Pessimiste et optimiste s’affrontent sur l’intelligence Artificielle ! quelle régulation ?

En octobre dernier, L'OCDE a réuni des représentants du gouvernement, de l'industrie, des universitaires et d'autres intervenants pour examiner la suite sur l'intelligence artificielle.

On ne sait pas jusqu'ou l'intelligence artificielle va nous amener, mais nul doute qu'elle transformera toutes les facettes de la vie humaine. L'un des principaux problèmes avec l'IA est la confusion qui règne sur sa définition : ce qu'elle est exactement et ce qu'elle peut et ne peut pas faire réellement. Mais, pour vraiment comprendre ce qu'est l'IA, il faut aborder clairement le point suivant : comment les techniques actuelles d'IA, comme l'apprentissage profond, diffèrent de l'intelligence humaine.

 

Un problème de définition

Il est apparu clairement dans les discussions que c'est principalement centré sur l'apprentissage automatique et en particulier sur l'apprentissage profond. Les logiciels d'apprentissage profond apprennent à  reconnaître les modèles à  partir des données. Google, par exemple, l'utilise pour reconnaître les animaux de compagnie via leurs visages. Une autre société, DeepL, utilise l'apprentissage profond pour faire des traductions de haute qualité.

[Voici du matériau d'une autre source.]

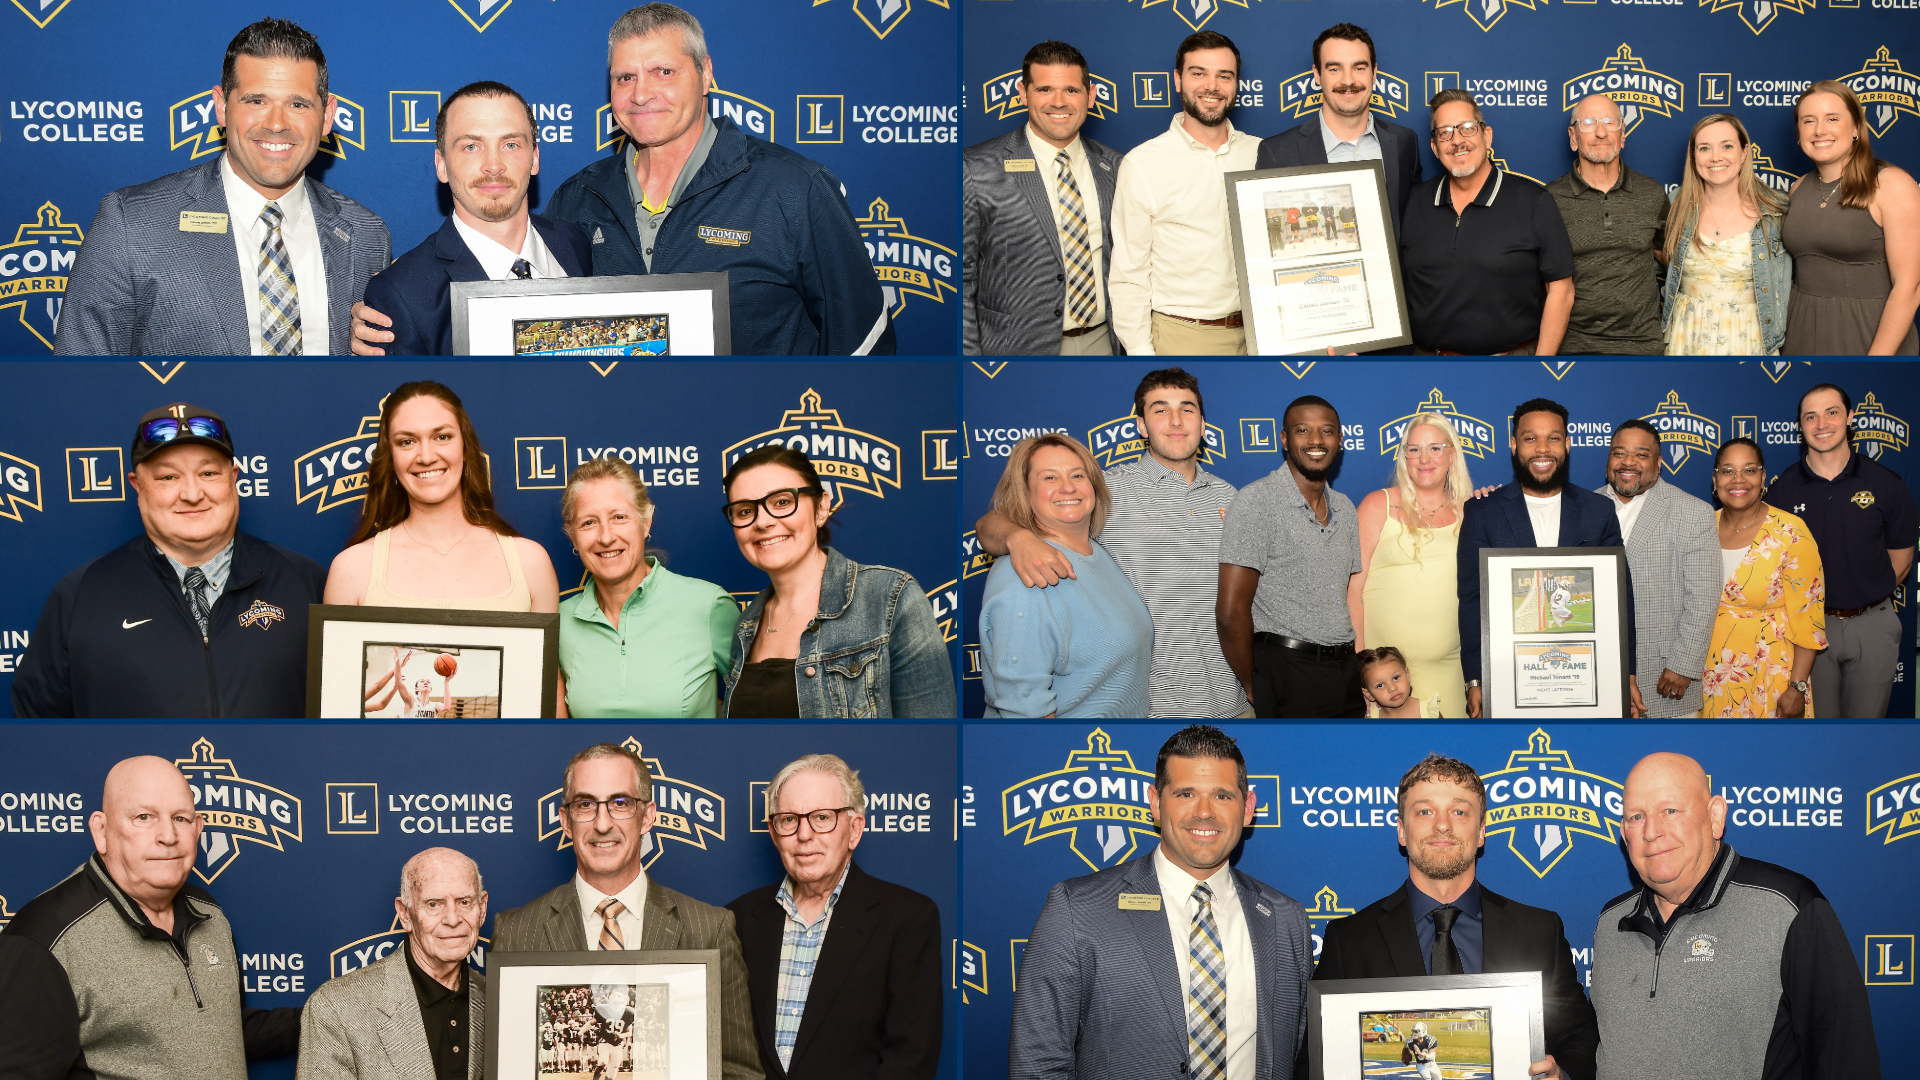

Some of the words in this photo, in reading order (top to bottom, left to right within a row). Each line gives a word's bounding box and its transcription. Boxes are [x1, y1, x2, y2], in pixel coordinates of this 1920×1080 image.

[1465, 79, 1548, 92] LYCOMING
[1569, 73, 1678, 101] LYCOMING
[1736, 80, 1812, 92] LYCOMING
[1474, 94, 1548, 107] COLLEGE
[1742, 94, 1799, 107] COLLE
[1858, 93, 1910, 105] ARRIORS
[10, 100, 143, 120] LYCOMING
[23, 123, 144, 142] COLLEGE
[700, 227, 749, 241] LYCOMING
[1331, 283, 1358, 295] FAME
[1567, 422, 1612, 434] OMING
[1761, 421, 1800, 432] LYCOM
[1570, 436, 1612, 447] LLEGE
[1766, 434, 1802, 445] COLLE
[1856, 432, 1891, 441] ARRIORS
[640, 467, 700, 487] LEGE
[240, 606, 282, 623] LYCOMING
[1540, 652, 1571, 661] LYCOMING
[1523, 663, 1547, 671] HALL
[1562, 661, 1588, 670] FAME
[0, 792, 84, 811] OMING
[388, 793, 513, 812] LYCOMING
[1290, 786, 1399, 805] LYCOMIN
[1721, 786, 1843, 805] LYCOMING
[1049, 805, 1154, 823] WARRIORS
[1302, 809, 1400, 827] COLLEG
[1490, 805, 1591, 822] WARRIORS
[1732, 809, 1843, 827] COLLEGE
[400, 815, 514, 834] COLLEGE
[243, 975, 305, 993] LEGE
[606, 1019, 625, 1034] 39
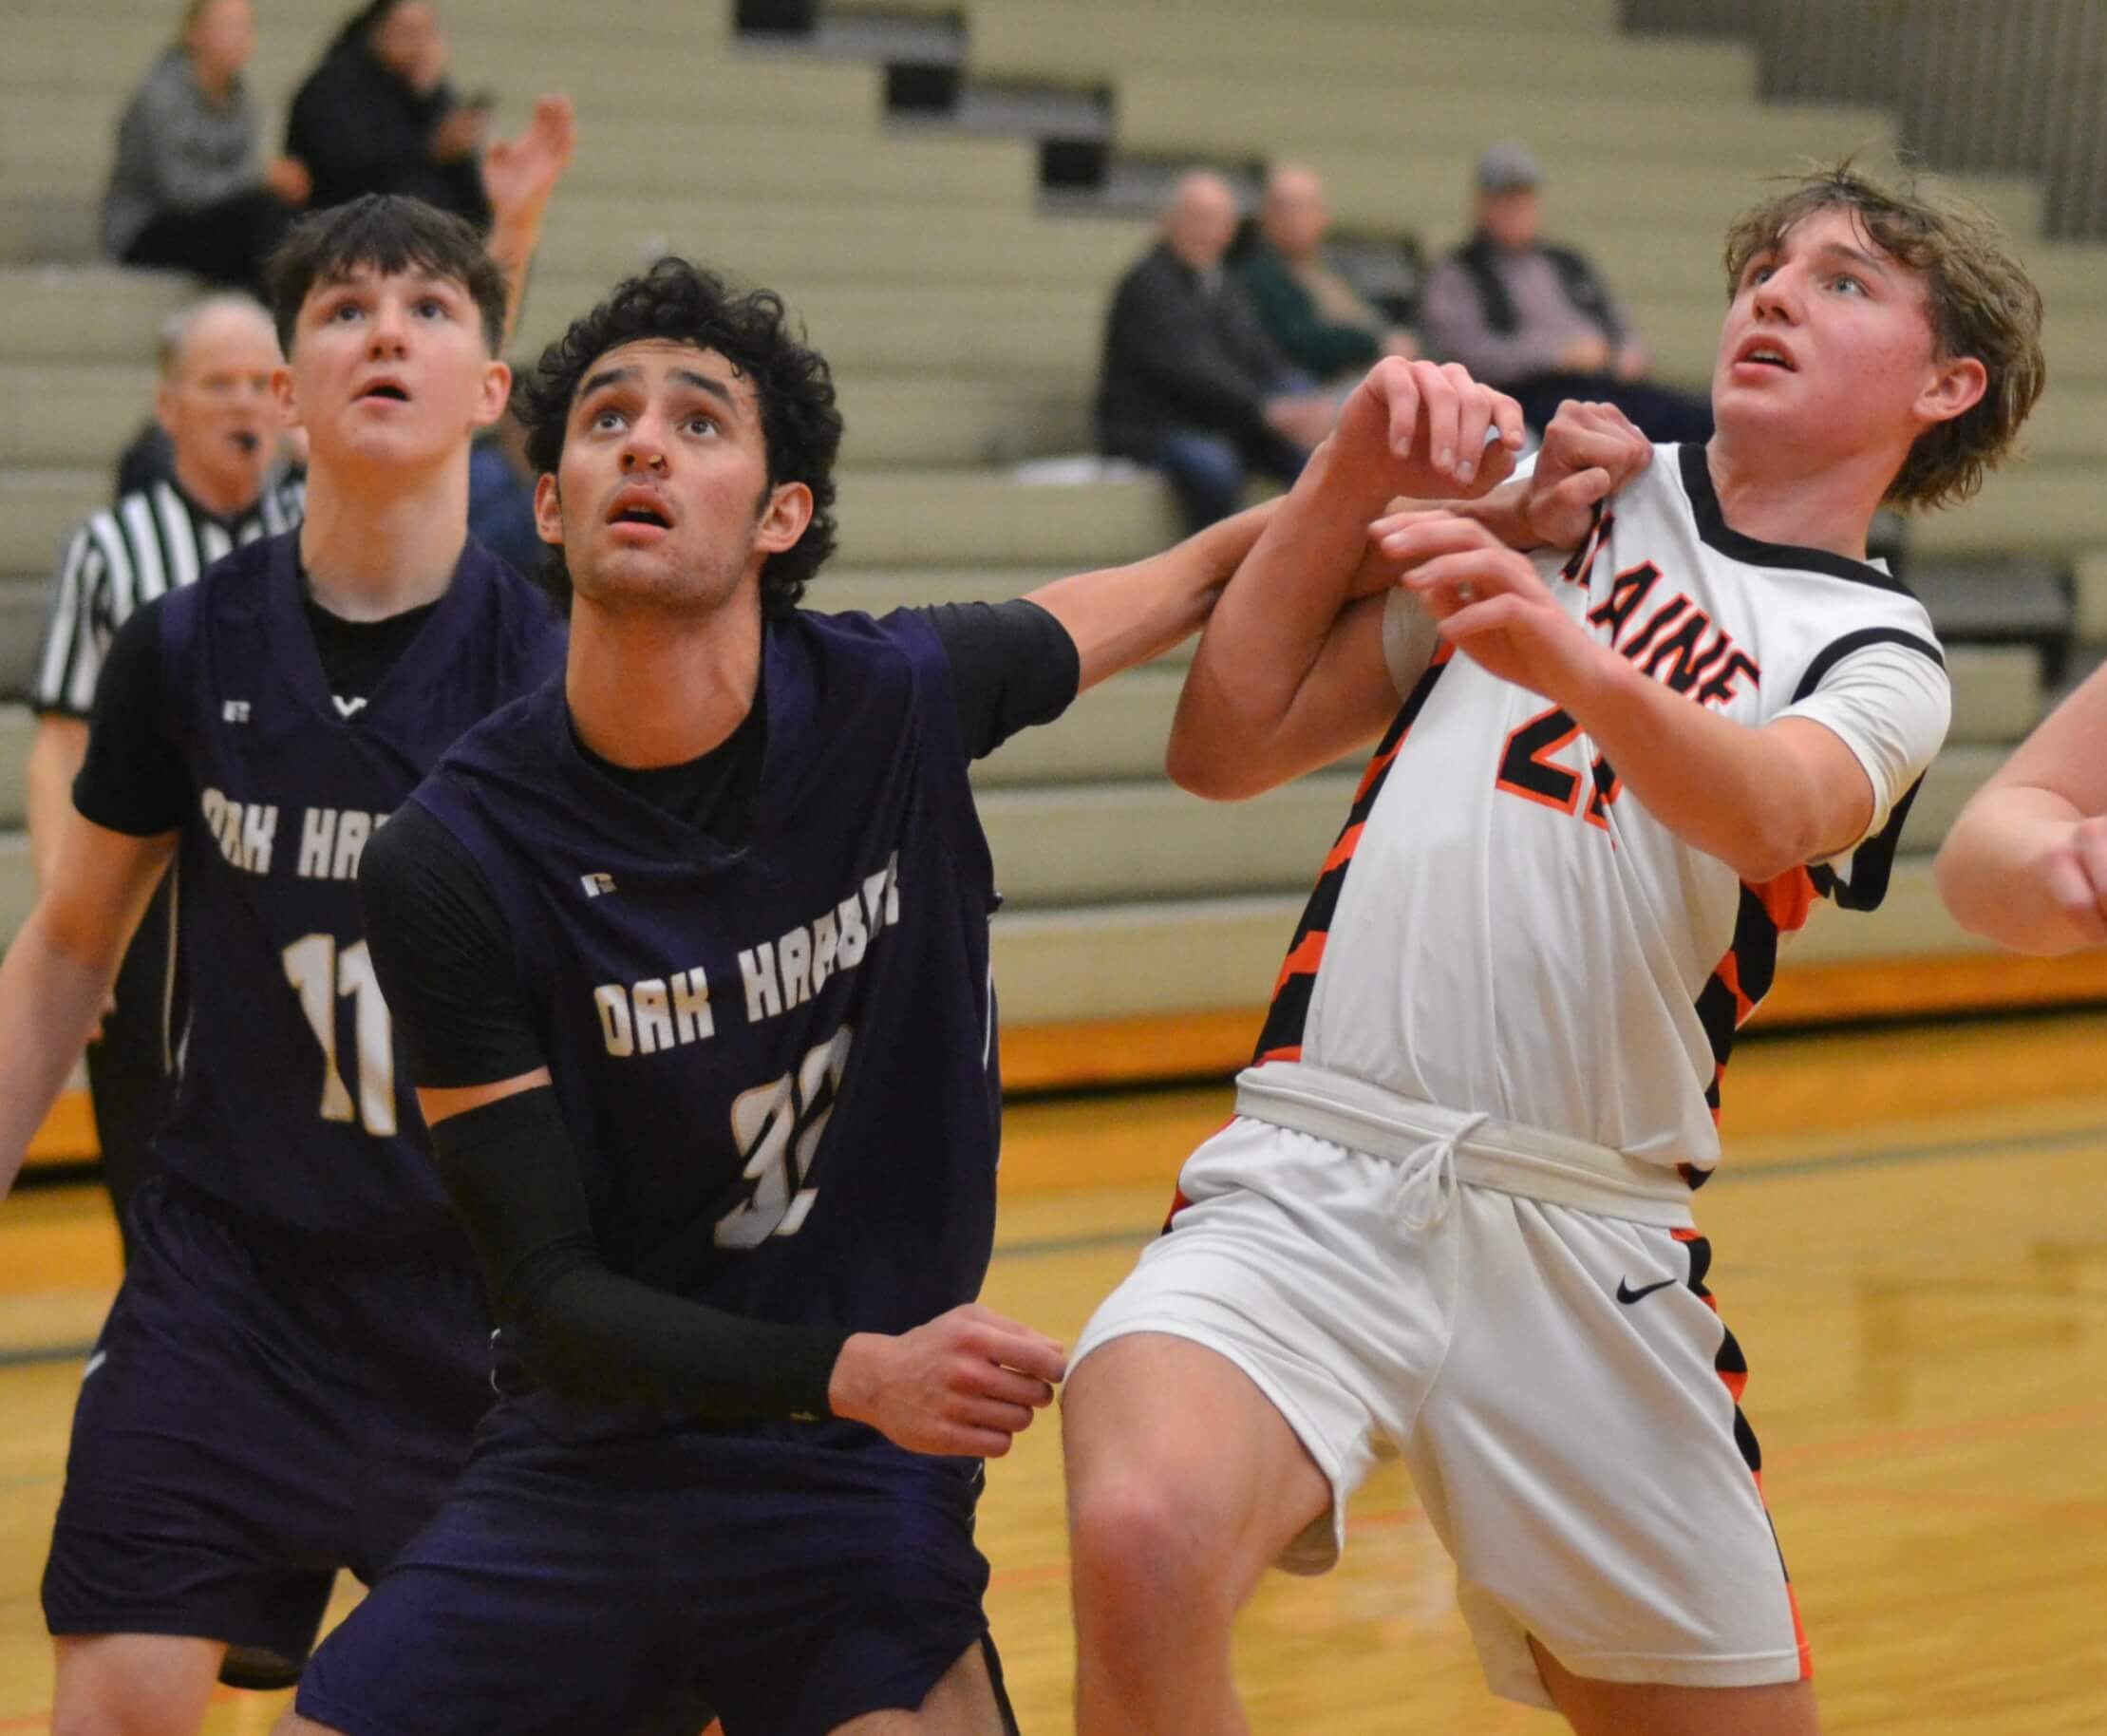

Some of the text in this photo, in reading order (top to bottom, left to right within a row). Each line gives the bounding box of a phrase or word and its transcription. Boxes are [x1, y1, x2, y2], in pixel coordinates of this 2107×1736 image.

Les conférenciers ont souligné que l'apprentissage profond ne fonctionne que parce qu'il utilise une grande quantité de données traitées sur des ordinateurs puissants. Il est devenu une technique performante parce que les entreprises ont accès à de grandes quantités de données et, en même temps, à de grandes quantités de puissance de traitement bon marché.

Quid des données de l'IA ?

Avec l'utilisation de grandes quantités de données, la question de la protection de la vie privée et de l'utilisation de ses données se posent. Aux états-Unis, par exemple, l'apprentissage profond est utiliser pour calculer à quel point un délinquant doit être condamné dans les affaires judiciaires. Il n'y a aucun moyen pour quiconque de savoir comment le logiciel est arrivé à chacune des décisions, en particulier quels facteurs dans les données ont été les plus importants dans la prise de cette décision.

Risques de biais

Joanna Bryson, chercheuse en IA, a précédemment montré que les données utilisées pour la formation à l'apprentissage automatique contiennent toute une série de biais, y compris ceux liés à l'origine ethnique et au sexe. Cela a de graves conséquences sur les décisions qui sont prises lorsque les systèmes d'IA sont nourris de ce type de données. Les données biaisées renforceront encore le biais dans les décisions de ces systèmes.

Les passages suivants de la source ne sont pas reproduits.